Volume 8, Number 5, October 2017, pages 236-240


A Case of Early Prosthetic Valve Endocarditis Caused by Staphylococcus warneri in a Patient Presenting With Congestive Heart Failure

Maita S. Kuvhenguhwaa, c, Kevin O. Belgraveb, Sonia U. Shahb, Arnold S. Bayera, Loren G. Millera

aDivision of Infectious Diseases, Harbor-UCLA Medical Center, Torrance, CA, USA
bDepartment of Cardiology, Habor-UCLA Medical Center, Torrance, CA, USA
cCorresponding Author: Maita S. Kuvhenguhwa, Harbor-UCLA Medical Center, 1000 W. Carson St, Box 466, Torrance, CA 90509, USA

Manuscript submitted August 13, 2017, accepted August 31, 2017
Short title: Staphylococcus warneri Endocarditis
doi: https://doi.org/10.14740/cr588w

Abstract▴Top 

Staphylococcus warneri, a coagulase negative staphylococcus, has been isolated in prosthetic device-related infections and has been reported as a rare cause of endocarditis. We report a case of prosthetic aortic valve S. warneri endocarditis, in which the patient lacked typical infectious signs and symptoms, instead presenting with congestive heart failure due to perforation of the valve. Providers should consider endocarditis with a low virulence pathogen such as S. warneri when a patient with a prosthetic valve presents with heart failure, even in the absence of fever, leukocytosis and other infectious symptoms.

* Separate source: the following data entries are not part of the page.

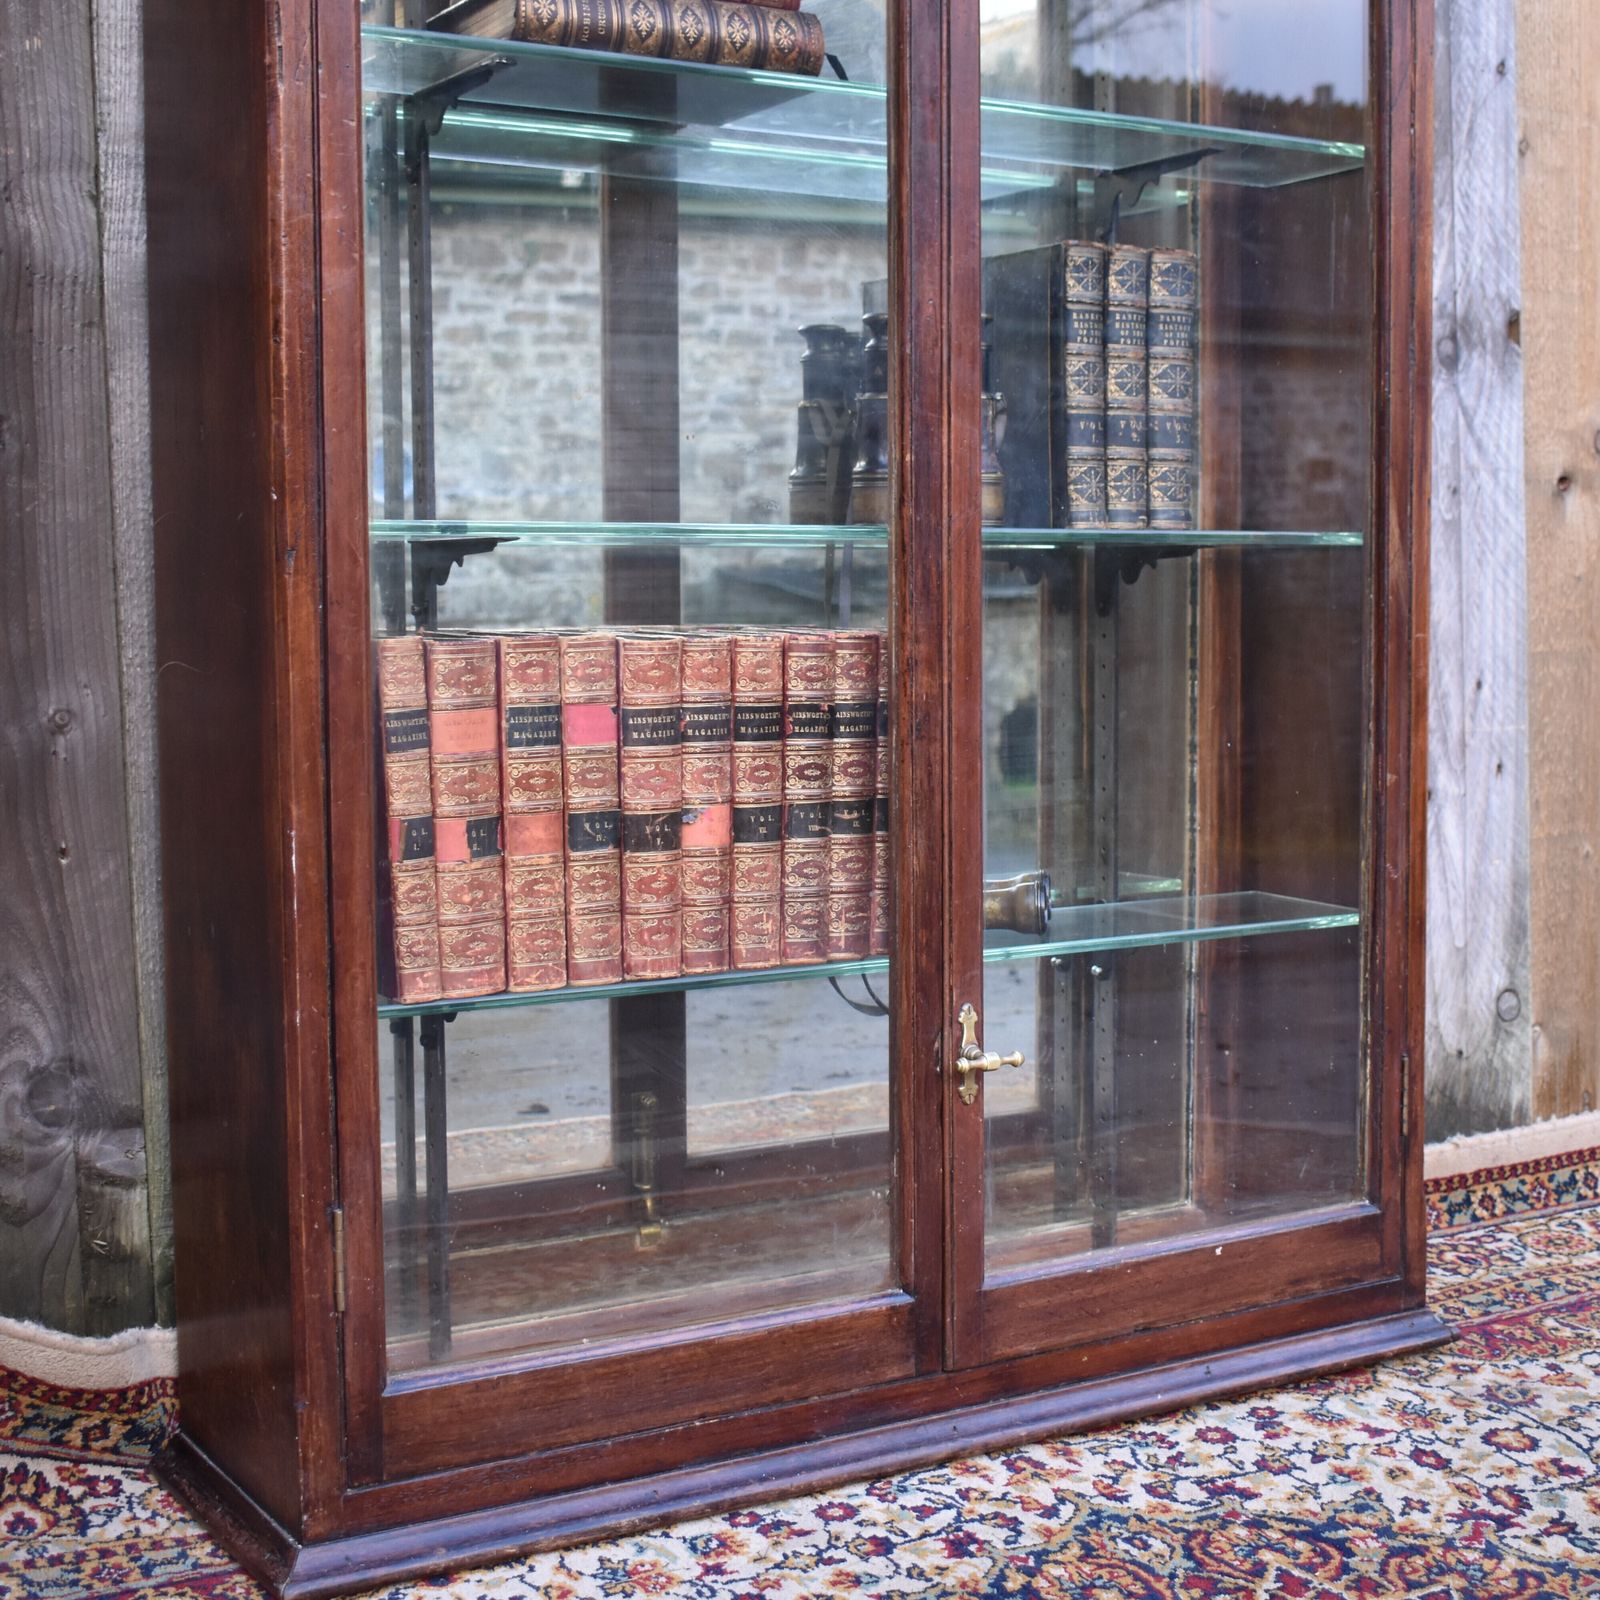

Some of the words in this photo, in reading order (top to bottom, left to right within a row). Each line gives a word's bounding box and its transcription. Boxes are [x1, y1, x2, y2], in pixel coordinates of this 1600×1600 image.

[510, 714, 559, 723] AINSWORTH'S
[628, 715, 676, 724] AINSWORTH'S
[685, 713, 730, 721] AINSWORTH'S
[737, 712, 781, 720] AINSWORTH'S
[386, 717, 427, 728] AINSWORTH'S
[632, 729, 675, 738] MAGAZINE
[687, 728, 727, 736] MAGAZINE
[740, 725, 779, 733] MAGAZINE
[391, 732, 427, 743] MAGAZINE
[513, 730, 557, 739] MAGAZINE

Keywords: Staphylococcus warneri; Prosthetic valve endocarditis

Introduction▴Top 

Staphylococcus warneri is a member of the coagulase negative staphylococci (CoNS), occasionally isolated in cases of nosocomial bacteremia and typically associated with the presence of prosthetic devices such as dialysis catheters. It has been recognized as an uncommon cause of infective endocarditis with eight prior cases described in the English literature, six of which involved native valves and two of which involved prosthetic valves [1-7]. Herein, we present a case of prosthetic aortic valve endocarditis, in which the patient presented with symptoms of congestive heart failure (CHF) and the possibility of endocarditis was raised by new valvular dysfunction on echocardiography.

Case Report▴Top 

A 67-year-old man presented to the emergency department (ED) complaining of stabbing chest pain, subjective fevers, chills, watery diarrhea, nausea and vomiting for 1 week. His past medical history was notable for three vessel coronary artery bypass grafts and a 23 mm bioprosthetic aortic valve replacement surgery 7 months prior, and an ischemic stroke 2 months prior that left him with residual left-sided hemiparesis. In the ED, he was found to have atrial fibrillation with rapid ventricular response and a heart rate in the 130s (Fig. 1). His exam was notable for a grade 3/6 early peaking systolic murmur, best heard at the left upper sternal border and no diastolic murmur, and decreased breath sounds at the bilateral lung bases without crackles. The remainder of his exam was unremarkable and he had no stigmata of endocarditis. The patient had no leukocytosis and laboratory values were largely unremarkable, except for a troponin in the indeterminate range (Table 1) [1-8]. Chest radiograph showed left basilar opacification, consolidation versus pleural effusion, and pulmonary venous congestion (Fig. 2). Shortly after admission, he developed hypoxic respiratory failure and required intubation and admission to the intensive care unit.

Figure 1.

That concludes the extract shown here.